黄体機能は、黄体の元になる卵胞の成熟と関わっています。


妊娠が成立すると、胎盤の元となる細胞(栄養外胚葉[TE])から絨毛性性腺刺激ホルモン(hCG)が分泌されます。

この作用で、黄体は妊娠黄体となってプロゲステロンなどを分泌し続け、次の周期の卵胞が成長せず、月経が止まります。
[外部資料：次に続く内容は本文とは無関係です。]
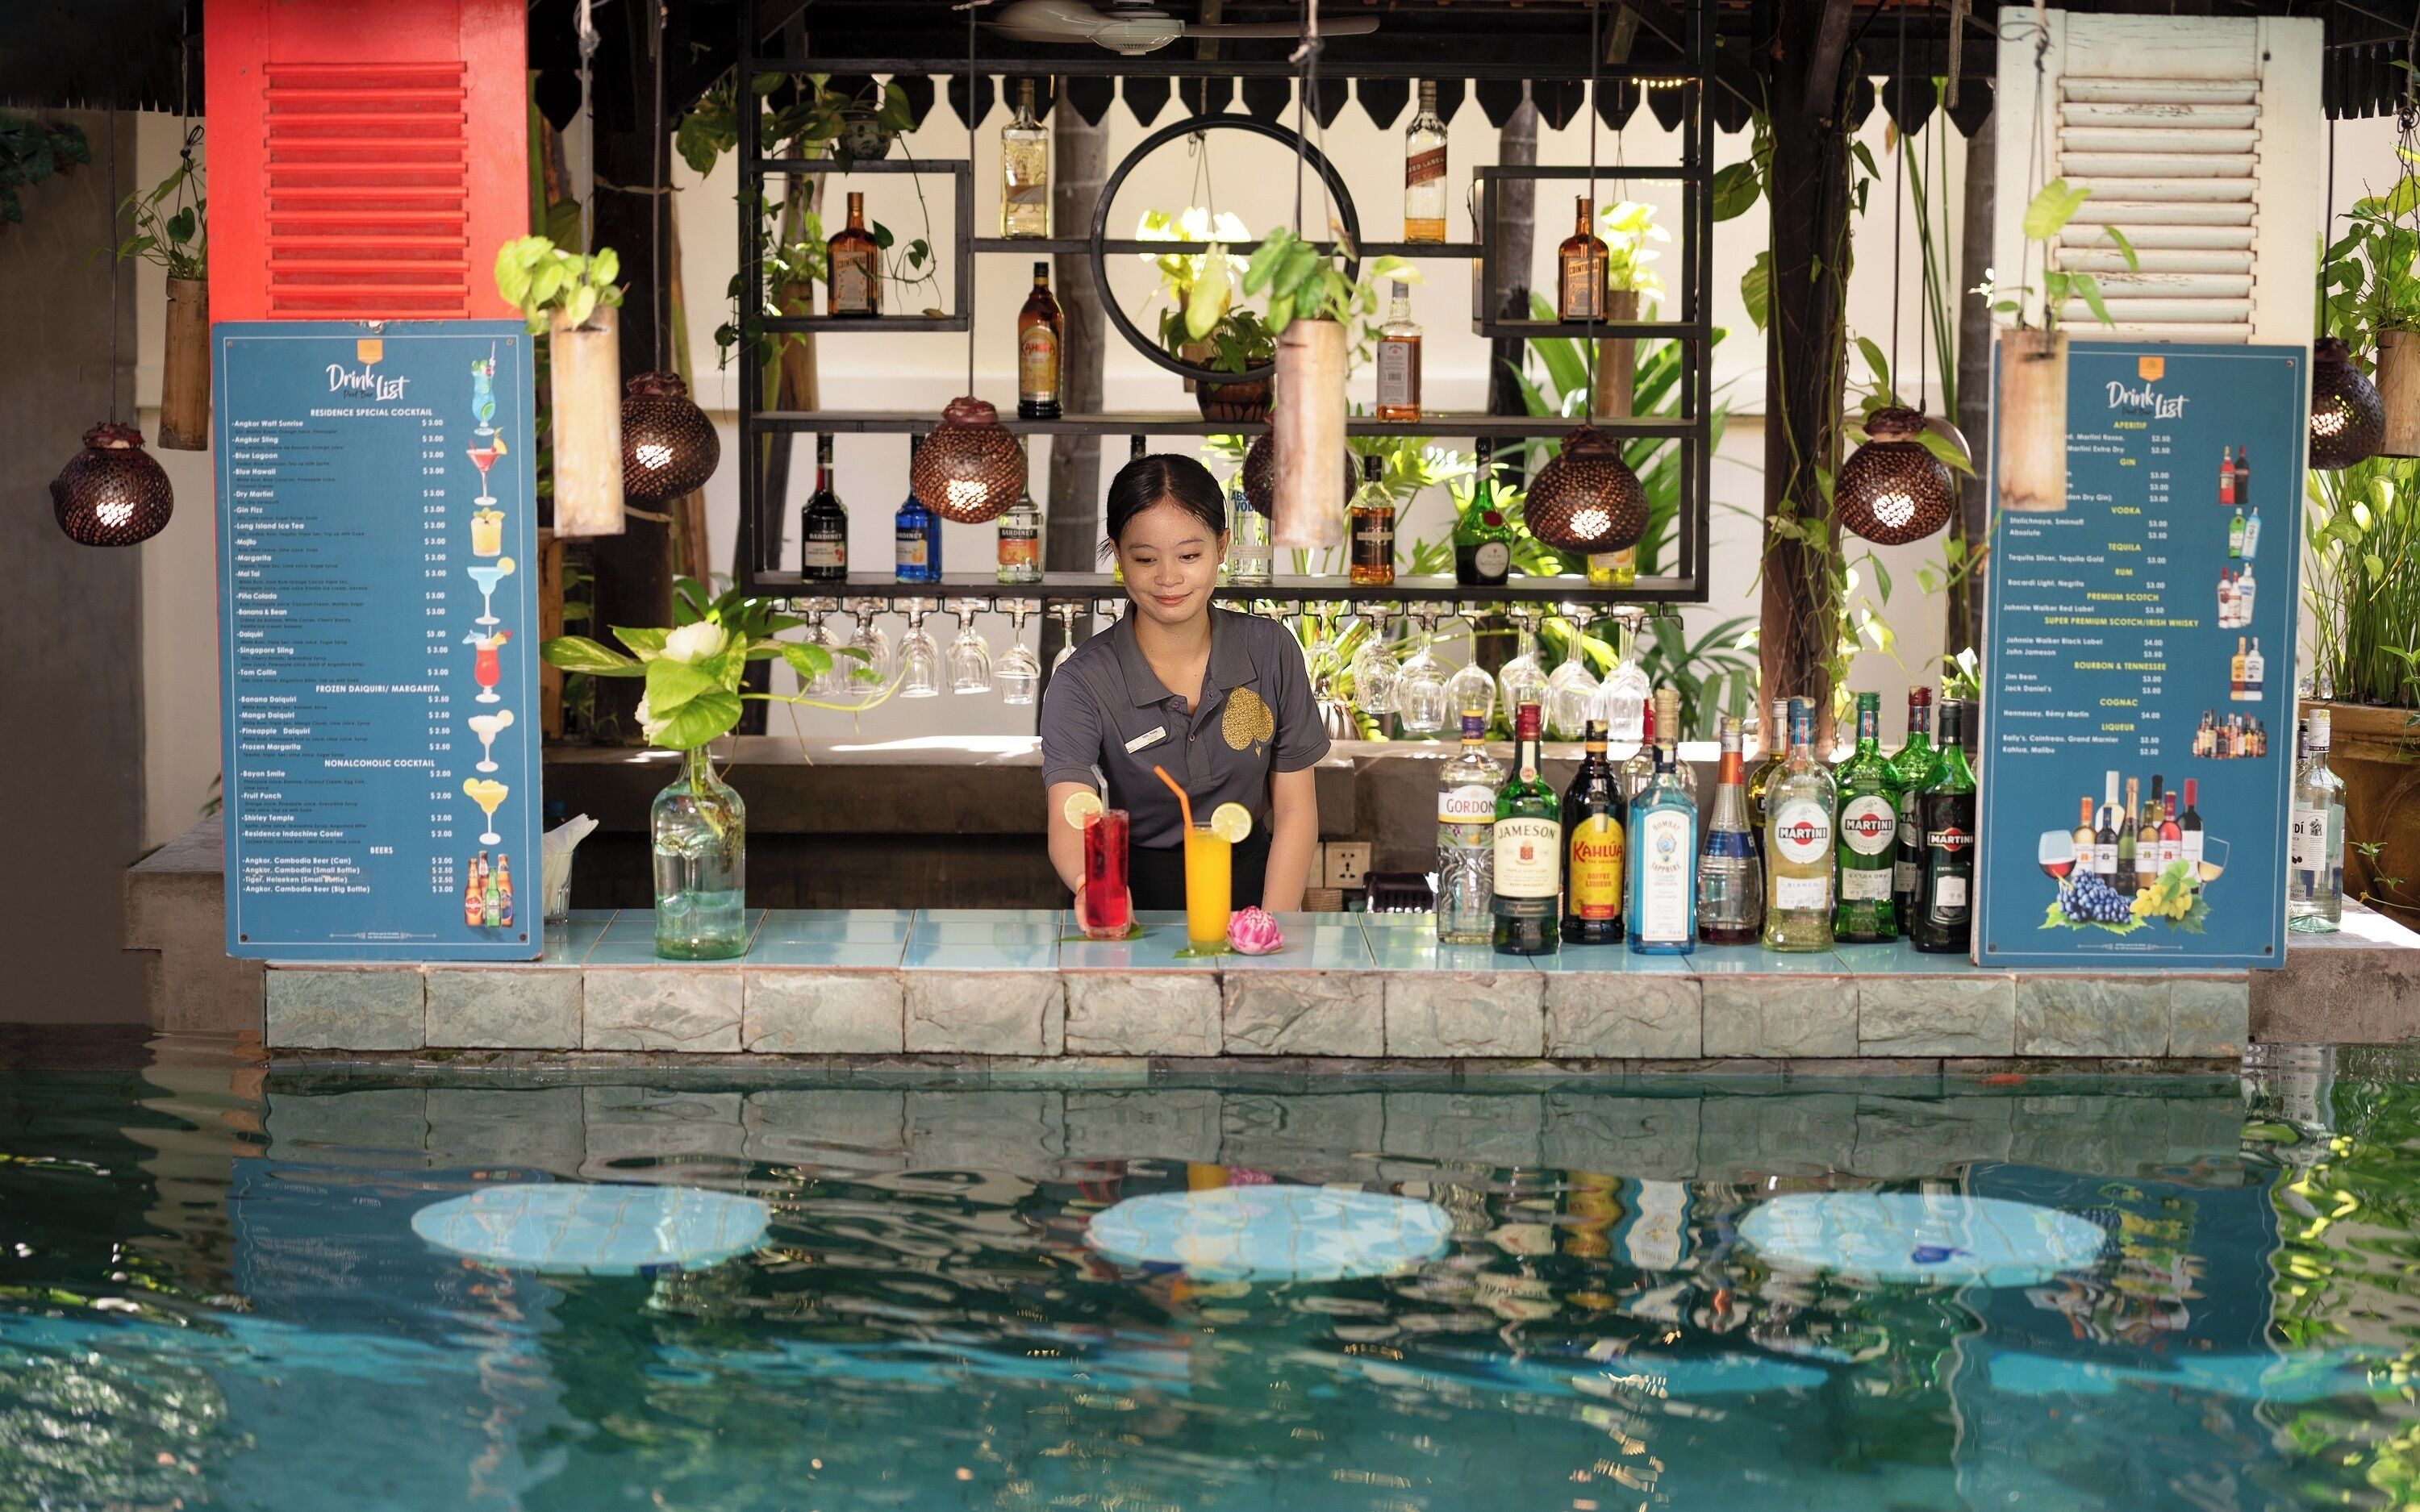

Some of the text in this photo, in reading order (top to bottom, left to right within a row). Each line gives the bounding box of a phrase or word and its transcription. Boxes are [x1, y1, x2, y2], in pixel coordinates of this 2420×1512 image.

[1422, 156, 1444, 168] LABEL
[1568, 261, 1599, 275] COINTRAU
[326, 364, 411, 402] Drink List
[2105, 381, 2190, 419] Drink List
[2113, 421, 2147, 429] APERITIF
[2119, 458, 2136, 466] GIN
[1234, 501, 1255, 512] VOD
[809, 532, 842, 540] BARDINET
[1001, 529, 1034, 537] BARDINET
[2059, 555, 2085, 563] Tequila
[2071, 618, 2107, 626] PREMIUM
[277, 647, 294, 655] Sling
[2074, 661, 2114, 669] BOURBON
[2100, 698, 2138, 706] COGNAC
[283, 727, 311, 735] Daiquiri
[266, 744, 301, 752] Margarita
[269, 814, 294, 823] Temple
[1652, 819, 1681, 831] BOMBAY
[1846, 819, 1892, 831] MARTINI
[1498, 824, 1556, 840] JAMESON
[1780, 827, 1827, 839] MARTINI
[1930, 835, 1974, 844] MARTINI
[1573, 840, 1624, 863] KAHLÚA
[301, 876, 322, 884] (Small
[331, 885, 345, 893] (Big
[347, 885, 370, 893] Bottle)
黄体には胎盤ができるまでの時期にあっても妊娠を継続させる重要な役割があります。

 

 

 

月経期

着床が起こらなければ、黄体の寿命が尽きます。

黄体は排卵から12日前後が過ぎると小さくなって白色に変わり(白体化)、卵胞の成長を抑えていたプロゲステロンの分泌が止まります。

こうして月経がきます
 

月経に伴う症状は様々であり、症状の有無や強さも人それぞれです。

例えば月経痛(子宮の異常などの原因がある器質性、ホルモンや心理的なものが原因の機能性)、月経の約1週間前からイライラや乳房痛などの不快症状が出ても月経開始とともに改善(または消失)する月経前緊張症(PMS)、月経周期が安定しない月経不順(頻発月経と稀発月経)、無月経(18歳をすぎても初潮がない原発性、それまであった月経が3ヶ月以上止まる続発性)、月経血量が異常に少ない(または多い)過小(過多)月経などです。

 

 

 

まとめ

月経が毎月正常に起こっているということは、体が健康的で、妊娠できる状態にあることを意味しています。

 

また、月経周期や排卵パターンは、不妊治療の計画やタイミングを決定する上で重要な要素となります。月経周期に問題がある場合は、それ自体が不妊の原因となることもありますから、その場合は早めに専門医に診てもらいましょう。

 

今回は「月経」をテーマにしましたが、自分自身の体を知るきっかけや、不妊治療などに役立てれば嬉しいですね。